(WORKING DATA begins)

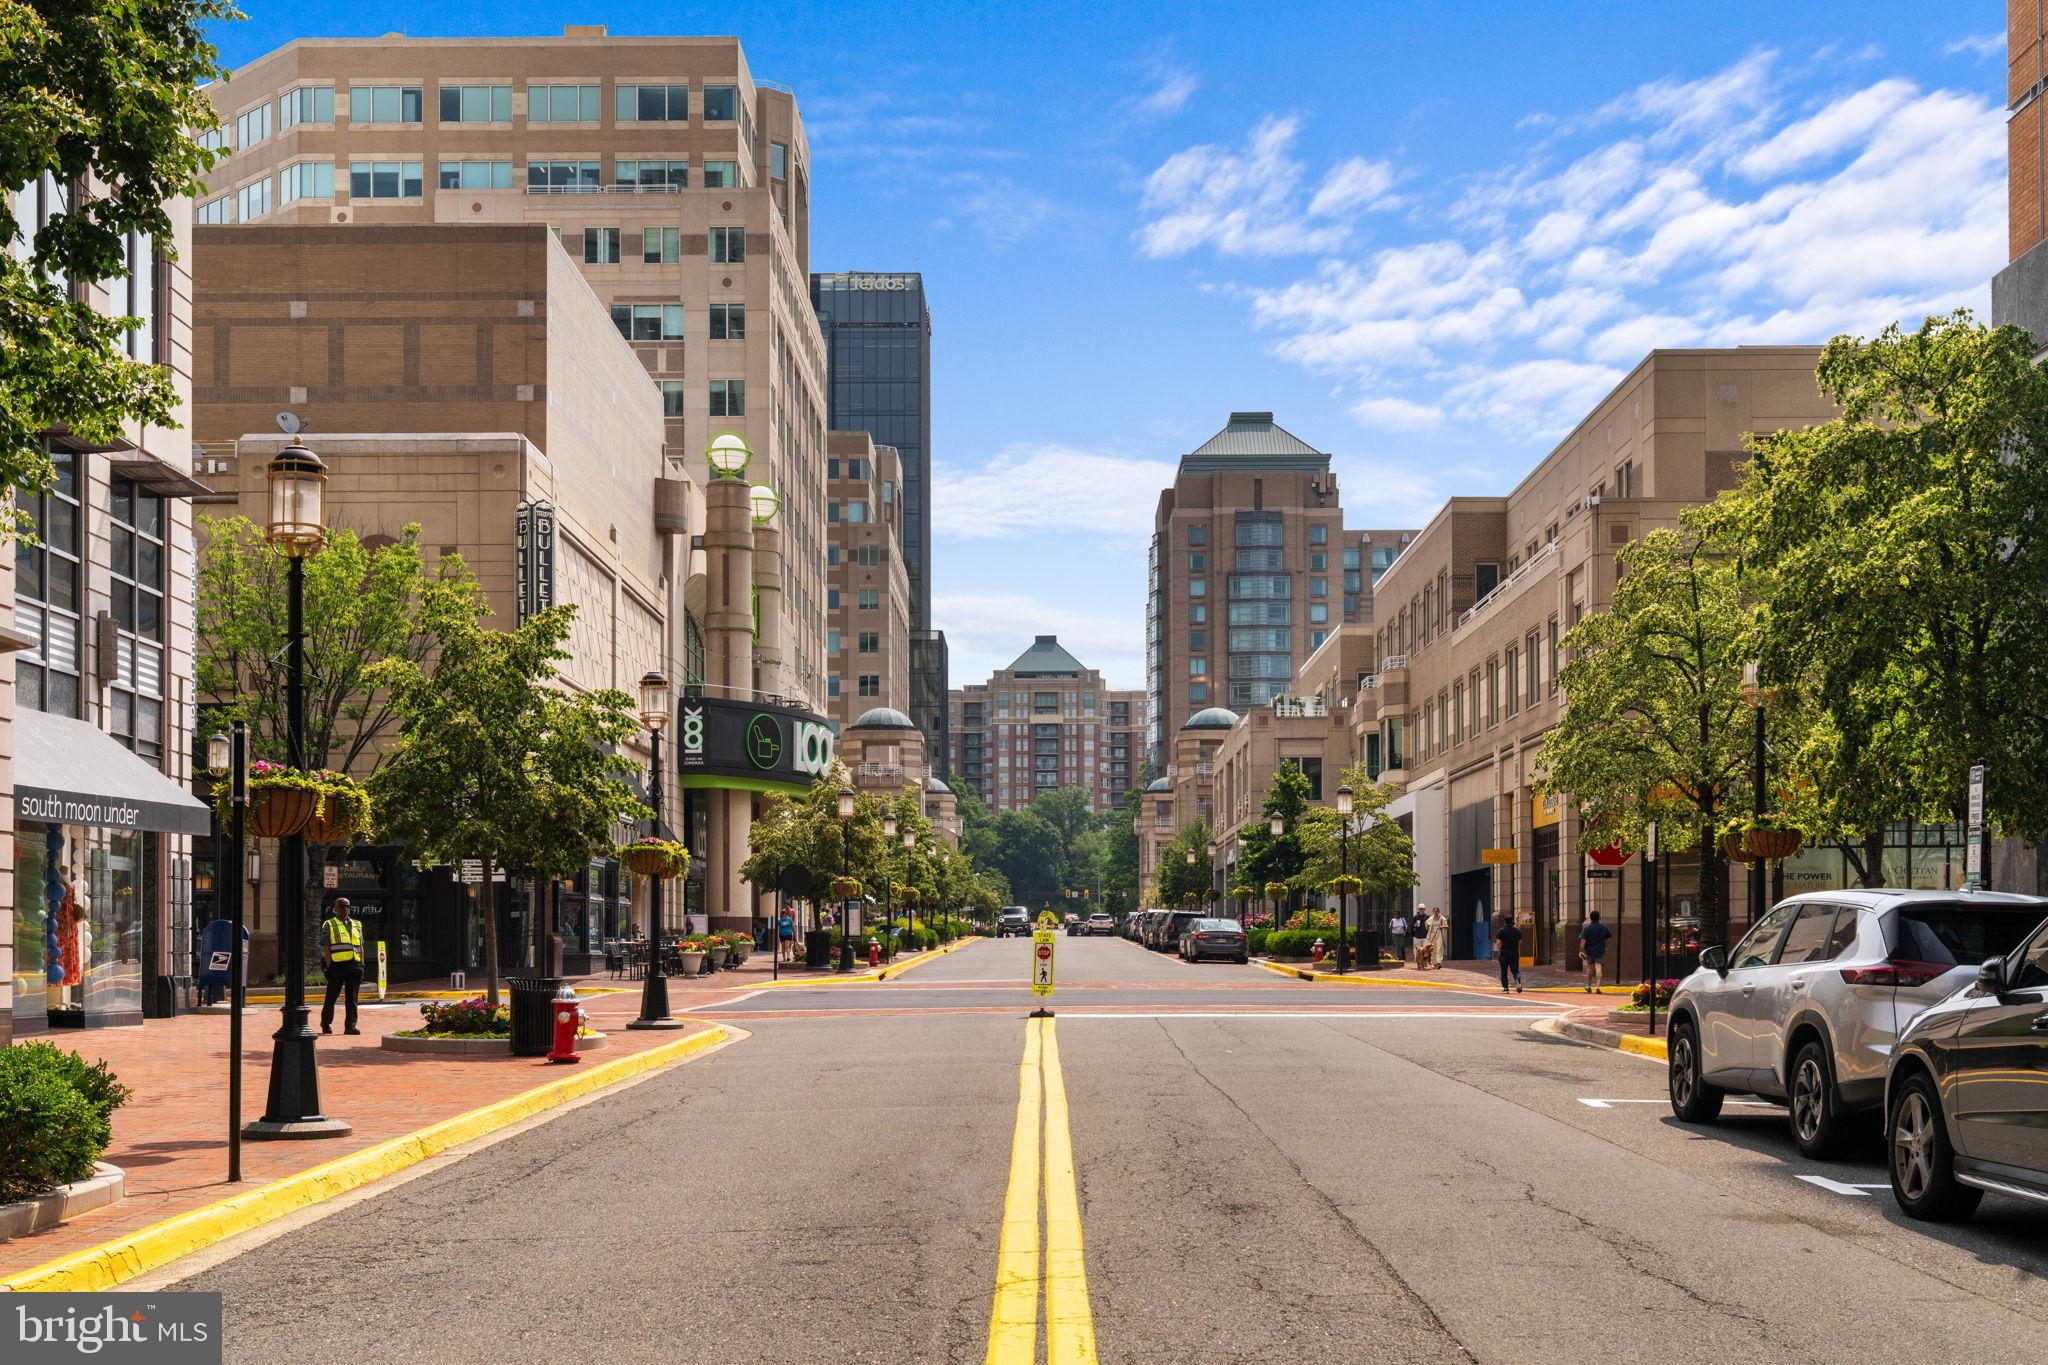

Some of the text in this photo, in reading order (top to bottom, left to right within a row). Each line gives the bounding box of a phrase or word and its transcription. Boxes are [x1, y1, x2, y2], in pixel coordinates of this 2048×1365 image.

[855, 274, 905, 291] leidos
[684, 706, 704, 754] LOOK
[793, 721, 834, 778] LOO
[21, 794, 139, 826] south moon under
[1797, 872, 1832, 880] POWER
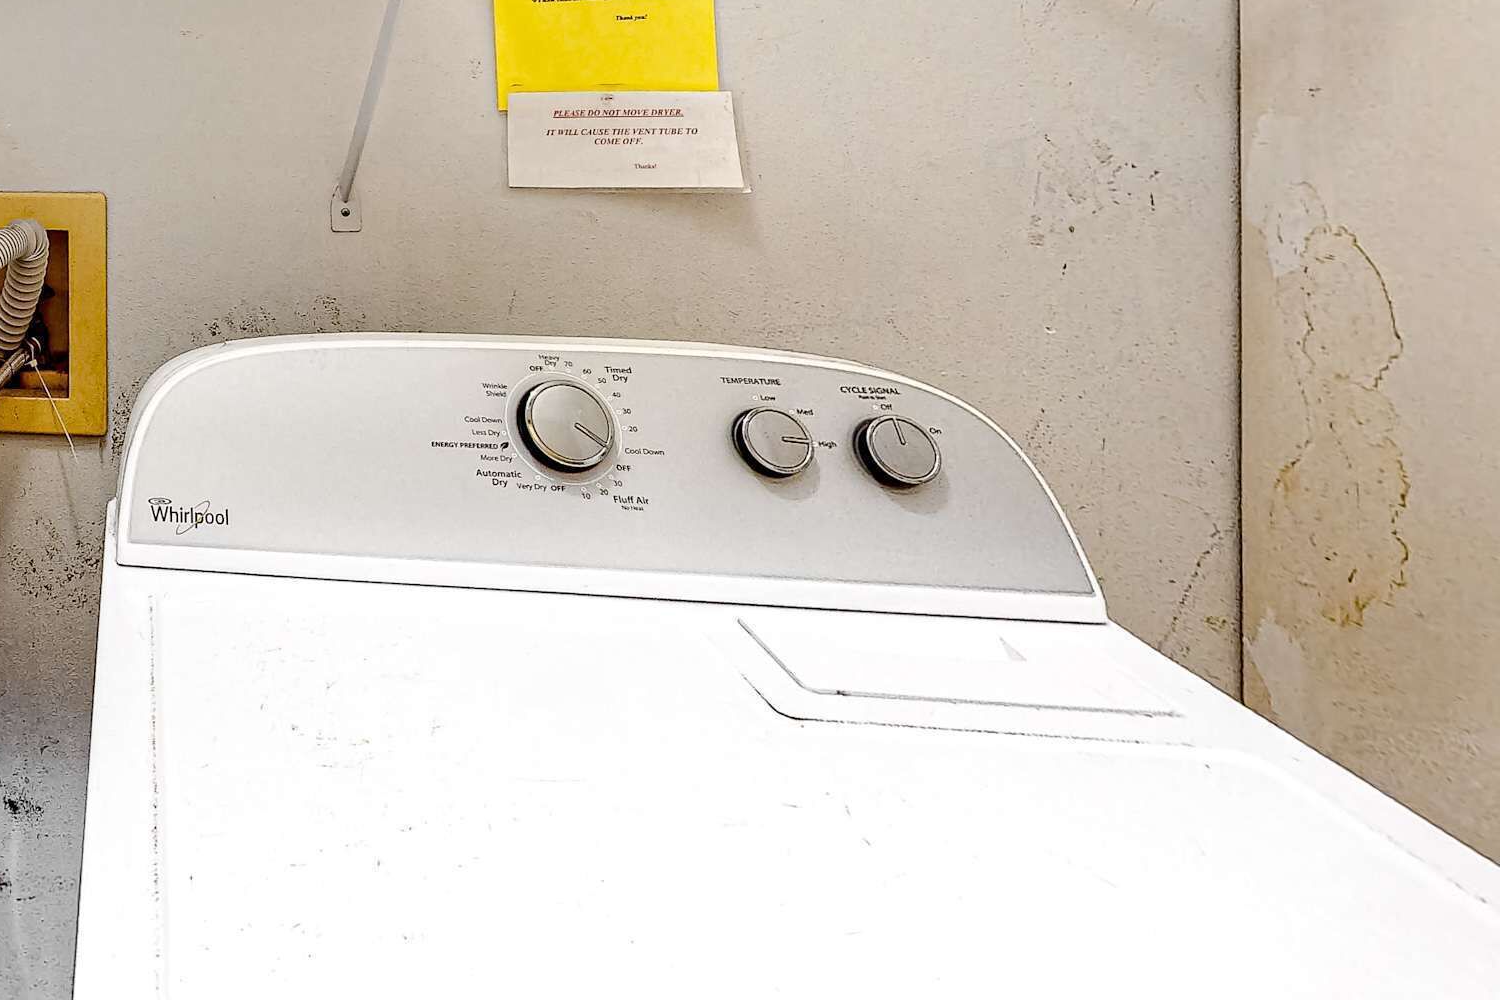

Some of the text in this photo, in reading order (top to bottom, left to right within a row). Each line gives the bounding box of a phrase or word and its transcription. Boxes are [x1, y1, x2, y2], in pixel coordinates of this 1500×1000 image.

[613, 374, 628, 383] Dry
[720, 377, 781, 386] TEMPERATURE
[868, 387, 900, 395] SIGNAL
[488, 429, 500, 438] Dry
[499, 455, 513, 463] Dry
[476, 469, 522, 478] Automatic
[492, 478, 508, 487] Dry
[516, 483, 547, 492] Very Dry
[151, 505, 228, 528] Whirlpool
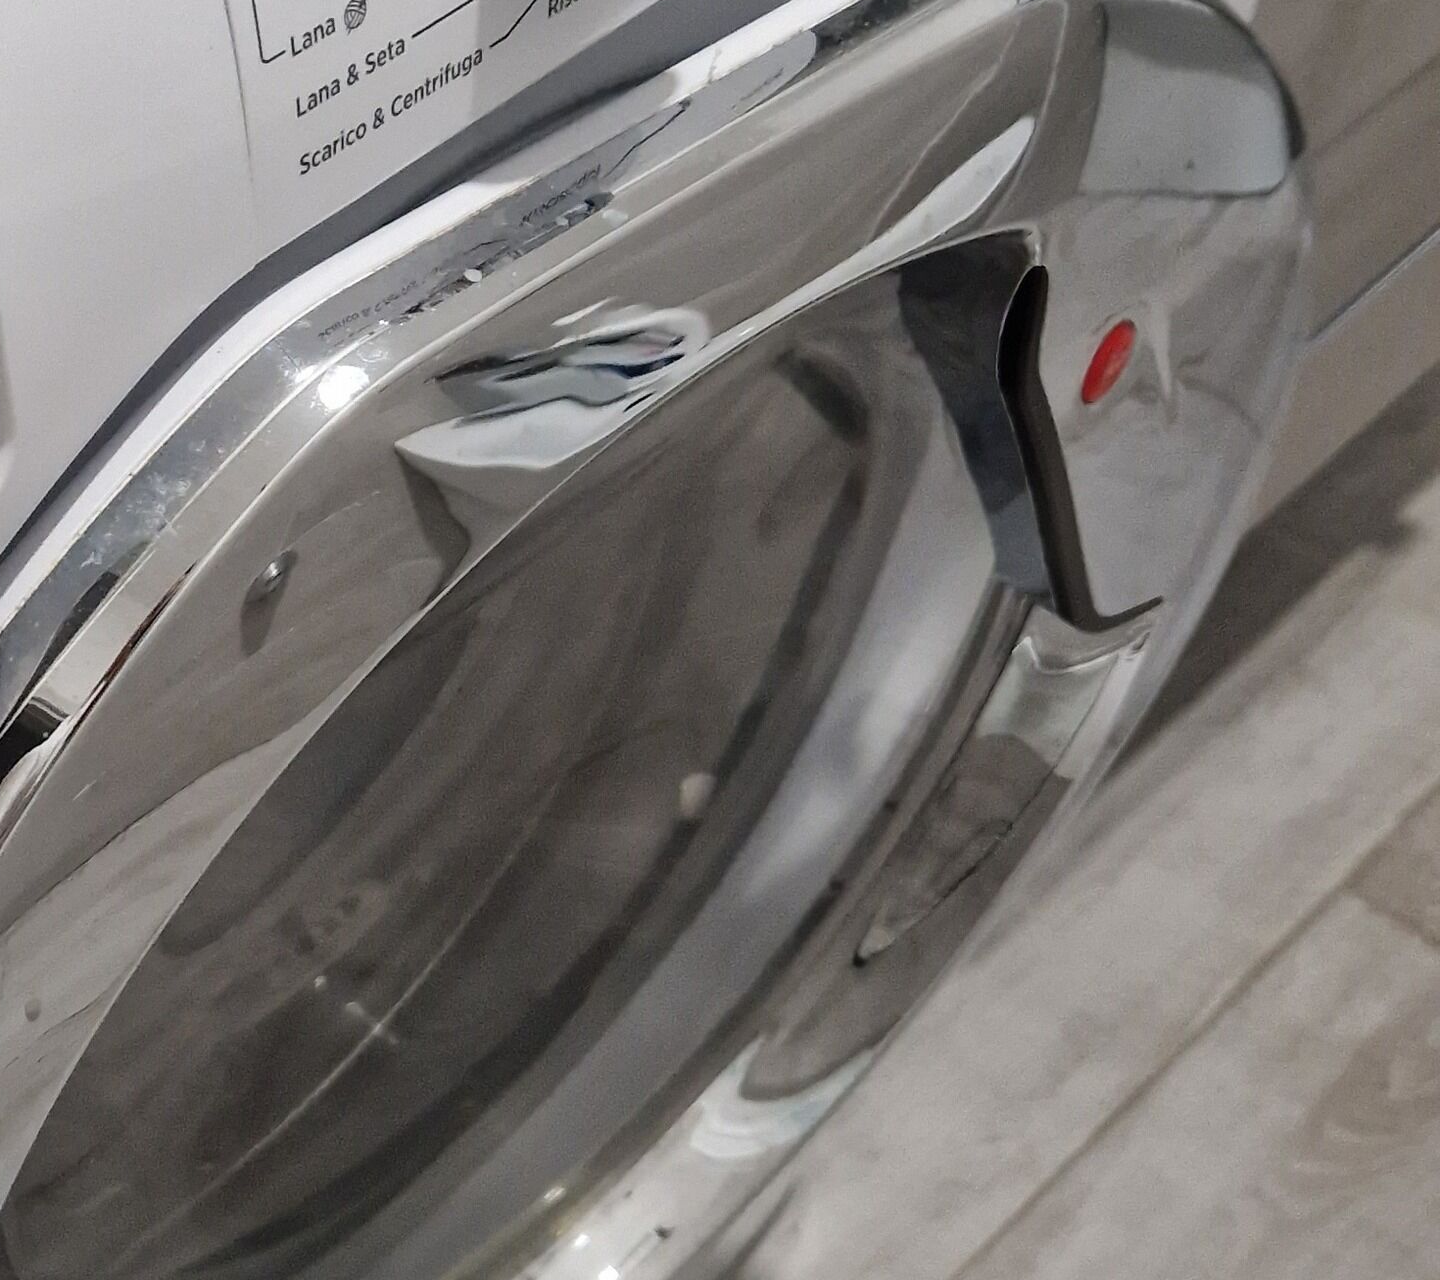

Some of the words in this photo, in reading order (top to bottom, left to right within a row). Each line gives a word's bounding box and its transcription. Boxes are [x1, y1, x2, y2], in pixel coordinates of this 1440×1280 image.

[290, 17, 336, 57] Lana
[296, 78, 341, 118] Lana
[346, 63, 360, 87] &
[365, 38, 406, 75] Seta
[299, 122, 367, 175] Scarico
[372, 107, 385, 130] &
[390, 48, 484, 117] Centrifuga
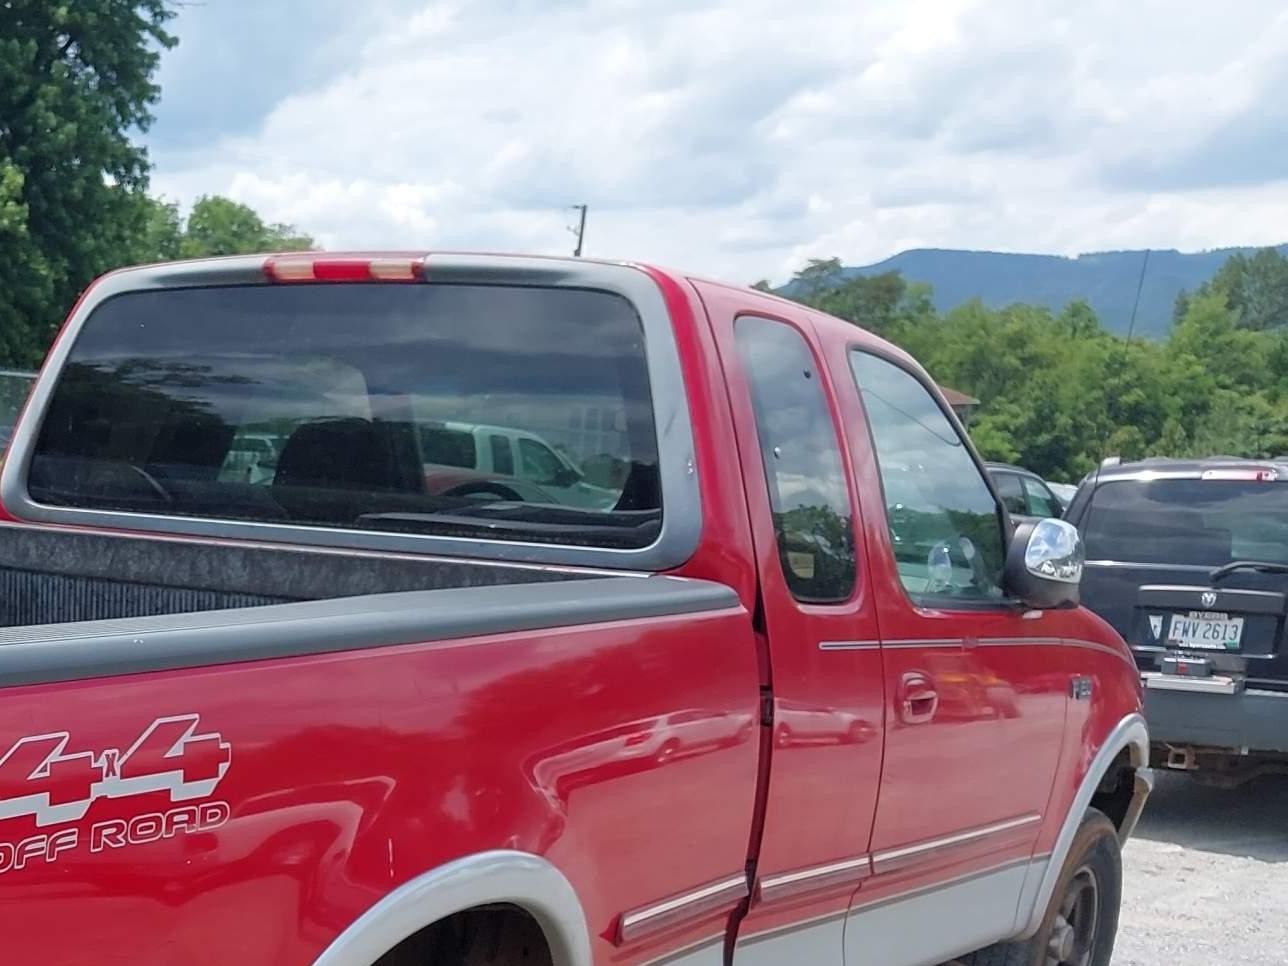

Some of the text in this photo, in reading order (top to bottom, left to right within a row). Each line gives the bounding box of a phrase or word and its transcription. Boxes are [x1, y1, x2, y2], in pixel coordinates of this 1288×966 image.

(WORKING DATA ends)

-- WORK TO BE COMPLETED --
No pictures go in the copy. Set down all the data exactly.

-- TASK RESULT --
Some of the text in this photo, in reading order (top to bottom, left to right within a row). Each line gives the bounding box of a phrase or word and its transcription. Boxes are [x1, y1, x2, y2], in pixel coordinates of this 2048×1365 image.

[855, 274, 905, 291] leidos
[684, 706, 704, 754] LOOK
[793, 721, 834, 778] LOO
[21, 794, 139, 826] south moon under
[1797, 872, 1832, 880] POWER

Some of the text in this photo, in reading order (top to bottom, left to right within a row). Each line gives the bounding box of a phrase or word and its transcription. Boxes are [x1, y1, x2, y2], in pixel coordinates of this 1500×1000 image.

[613, 374, 628, 383] Dry
[720, 377, 781, 386] TEMPERATURE
[868, 387, 900, 395] SIGNAL
[488, 429, 500, 438] Dry
[499, 455, 513, 463] Dry
[476, 469, 522, 478] Automatic
[492, 478, 508, 487] Dry
[516, 483, 547, 492] Very Dry
[151, 505, 228, 528] Whirlpool

Some of the words in this photo, in reading order (top to bottom, left to right within a row). Each line gives a word's bounding box and its transcription. Boxes are [x1, y1, x2, y2], in pixel coordinates of this 1440×1280 image.

[290, 17, 336, 57] Lana
[296, 78, 341, 118] Lana
[346, 63, 360, 87] &
[365, 38, 406, 75] Seta
[299, 122, 367, 175] Scarico
[372, 107, 385, 130] &
[390, 48, 484, 117] Centrifuga

Some of the text in this photo, in reading order (top to bottom, left to right within a row). Each line gives the bounding box of a phrase or word and its transcription. Boxes are [x1, y1, x2, y2], in pixel coordinates of this 1288×966 image.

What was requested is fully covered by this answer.